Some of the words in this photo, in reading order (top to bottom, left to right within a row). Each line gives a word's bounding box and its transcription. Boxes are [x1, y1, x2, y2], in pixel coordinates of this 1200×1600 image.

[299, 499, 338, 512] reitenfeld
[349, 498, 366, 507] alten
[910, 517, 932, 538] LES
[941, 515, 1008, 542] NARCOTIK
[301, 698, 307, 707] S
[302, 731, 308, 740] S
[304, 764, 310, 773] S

WORK ITEM> Retype every record exactly, omitting nothing.

SOLVED EXERCISE>
Some of the words in this photo, in reading order (top to bottom, left to right within a row). Each line gives a word's bounding box and its transcription. Boxes are [x1, y1, x2, y2], in pixel coordinates of this 1200×1600 image.

[299, 499, 338, 512] reitenfeld
[349, 498, 366, 507] alten
[910, 517, 932, 538] LES
[941, 515, 1008, 542] NARCOTIK
[301, 698, 307, 707] S
[302, 731, 308, 740] S
[304, 764, 310, 773] S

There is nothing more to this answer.